Exercise instructions
All entries that follow are to be printed exactly as written.

= = = =

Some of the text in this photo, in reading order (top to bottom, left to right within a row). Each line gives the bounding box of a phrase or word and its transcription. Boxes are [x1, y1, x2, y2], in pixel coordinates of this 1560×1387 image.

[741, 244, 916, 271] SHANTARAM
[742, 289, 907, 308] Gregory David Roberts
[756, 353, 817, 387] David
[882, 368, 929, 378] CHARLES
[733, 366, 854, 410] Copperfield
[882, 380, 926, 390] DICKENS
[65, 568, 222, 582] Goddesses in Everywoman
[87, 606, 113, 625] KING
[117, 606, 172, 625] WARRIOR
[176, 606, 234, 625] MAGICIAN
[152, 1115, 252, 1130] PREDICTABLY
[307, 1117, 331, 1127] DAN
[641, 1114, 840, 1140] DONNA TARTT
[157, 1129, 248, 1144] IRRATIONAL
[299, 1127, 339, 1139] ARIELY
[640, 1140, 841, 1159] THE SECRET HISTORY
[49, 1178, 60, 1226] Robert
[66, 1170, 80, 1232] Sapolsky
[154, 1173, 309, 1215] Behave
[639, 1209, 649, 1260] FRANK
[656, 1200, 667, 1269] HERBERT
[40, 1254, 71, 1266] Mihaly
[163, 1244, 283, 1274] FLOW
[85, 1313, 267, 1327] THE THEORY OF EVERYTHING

= = = =

Solution
Some of the text in this photo, in reading order (top to bottom, left to right within a row). Each line gives the bounding box of a phrase or word and its transcription. Boxes are [x1, y1, x2, y2], in pixel coordinates of this 1560×1387 image.

[741, 244, 916, 271] SHANTARAM
[742, 289, 907, 308] Gregory David Roberts
[756, 353, 817, 387] David
[882, 368, 929, 378] CHARLES
[733, 366, 854, 410] Copperfield
[882, 380, 926, 390] DICKENS
[65, 568, 222, 582] Goddesses in Everywoman
[87, 606, 113, 625] KING
[117, 606, 172, 625] WARRIOR
[176, 606, 234, 625] MAGICIAN
[152, 1115, 252, 1130] PREDICTABLY
[307, 1117, 331, 1127] DAN
[641, 1114, 840, 1140] DONNA TARTT
[157, 1129, 248, 1144] IRRATIONAL
[299, 1127, 339, 1139] ARIELY
[640, 1140, 841, 1159] THE SECRET HISTORY
[49, 1178, 60, 1226] Robert
[66, 1170, 80, 1232] Sapolsky
[154, 1173, 309, 1215] Behave
[639, 1209, 649, 1260] FRANK
[656, 1200, 667, 1269] HERBERT
[40, 1254, 71, 1266] Mihaly
[163, 1244, 283, 1274] FLOW
[85, 1313, 267, 1327] THE THEORY OF EVERYTHING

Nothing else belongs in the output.